(Dataset entries)
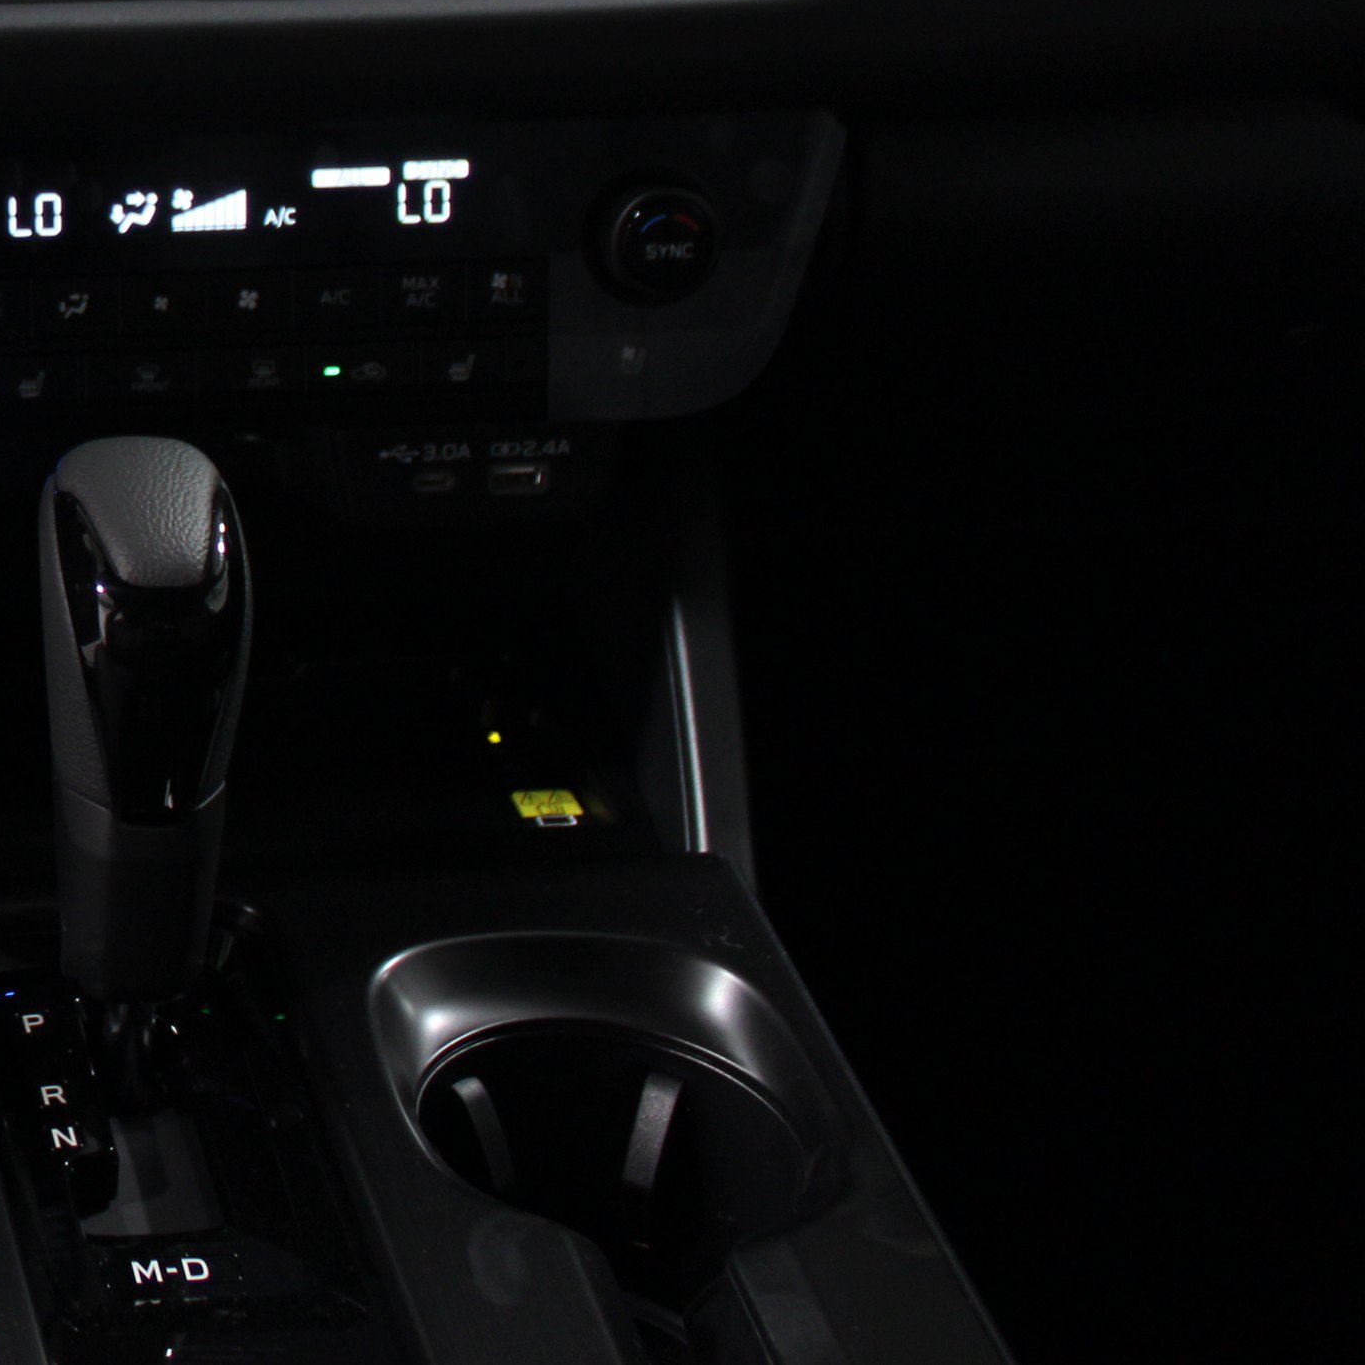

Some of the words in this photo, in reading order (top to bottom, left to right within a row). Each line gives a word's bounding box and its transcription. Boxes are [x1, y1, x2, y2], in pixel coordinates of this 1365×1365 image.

[264, 206, 297, 228] A/C
[645, 242, 694, 260] SYNC
[402, 276, 440, 290] MAX
[319, 289, 351, 304] A/C
[406, 292, 437, 307] A/C
[491, 290, 524, 304] ALL
[422, 443, 470, 461] 3.0A
[522, 440, 570, 457] 2.4A
[22, 1013, 46, 1034] P
[39, 1084, 69, 1107] R
[50, 1126, 79, 1149] N
[130, 1257, 210, 1285] M-D

● **What is being asked**
An exact reproduction of the data above is required, with every picture removed.

● **Your response**
Some of the words in this photo, in reading order (top to bottom, left to right within a row). Each line gives a word's bounding box and its transcription. Boxes are [x1, y1, x2, y2], in pixel coordinates of this 1365×1365 image.

[264, 206, 297, 228] A/C
[645, 242, 694, 260] SYNC
[402, 276, 440, 290] MAX
[319, 289, 351, 304] A/C
[406, 292, 437, 307] A/C
[491, 290, 524, 304] ALL
[422, 443, 470, 461] 3.0A
[522, 440, 570, 457] 2.4A
[22, 1013, 46, 1034] P
[39, 1084, 69, 1107] R
[50, 1126, 79, 1149] N
[130, 1257, 210, 1285] M-D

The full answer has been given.